Required action: Print all of the entries exactly, minus the pictures.
--- Available data ---
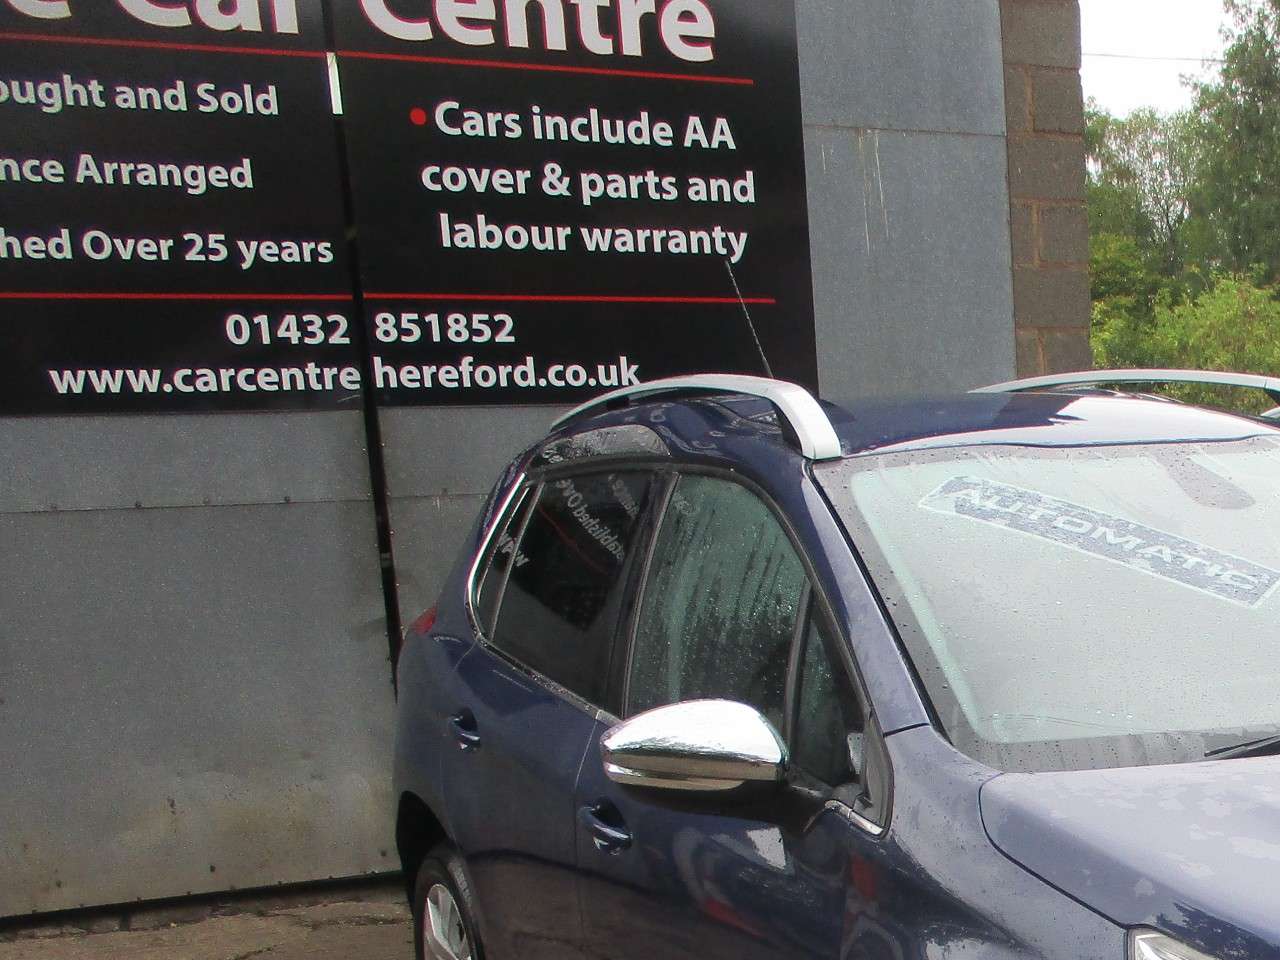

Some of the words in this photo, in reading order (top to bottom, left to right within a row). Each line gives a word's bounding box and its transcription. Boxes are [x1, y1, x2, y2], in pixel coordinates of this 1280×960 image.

[114, 80, 188, 112] and
[198, 83, 279, 115] Sold
[434, 101, 522, 139] Cars
[532, 105, 674, 147] include
[683, 115, 737, 150] AA
[76, 154, 254, 195] Arranged
[421, 165, 531, 195] cover
[541, 162, 571, 196] &
[580, 170, 678, 206] parts
[687, 170, 756, 203] and
[82, 230, 174, 261] Over
[183, 233, 228, 261] 25
[237, 239, 334, 270] years
[440, 213, 571, 251] labour
[580, 226, 748, 264] warranty
[225, 314, 350, 345] 01432
[375, 313, 515, 343] 851852
[951, 488, 1263, 590] AUTOMATIC
---
Your response:
Some of the words in this photo, in reading order (top to bottom, left to right within a row). Each line gives a word's bounding box and its transcription. Boxes are [x1, y1, x2, y2], in pixel coordinates of this 1280×960 image.

[114, 80, 188, 112] and
[198, 83, 279, 115] Sold
[434, 101, 522, 139] Cars
[532, 105, 674, 147] include
[683, 115, 737, 150] AA
[76, 154, 254, 195] Arranged
[421, 165, 531, 195] cover
[541, 162, 571, 196] &
[580, 170, 678, 206] parts
[687, 170, 756, 203] and
[82, 230, 174, 261] Over
[183, 233, 228, 261] 25
[237, 239, 334, 270] years
[440, 213, 571, 251] labour
[580, 226, 748, 264] warranty
[225, 314, 350, 345] 01432
[375, 313, 515, 343] 851852
[951, 488, 1263, 590] AUTOMATIC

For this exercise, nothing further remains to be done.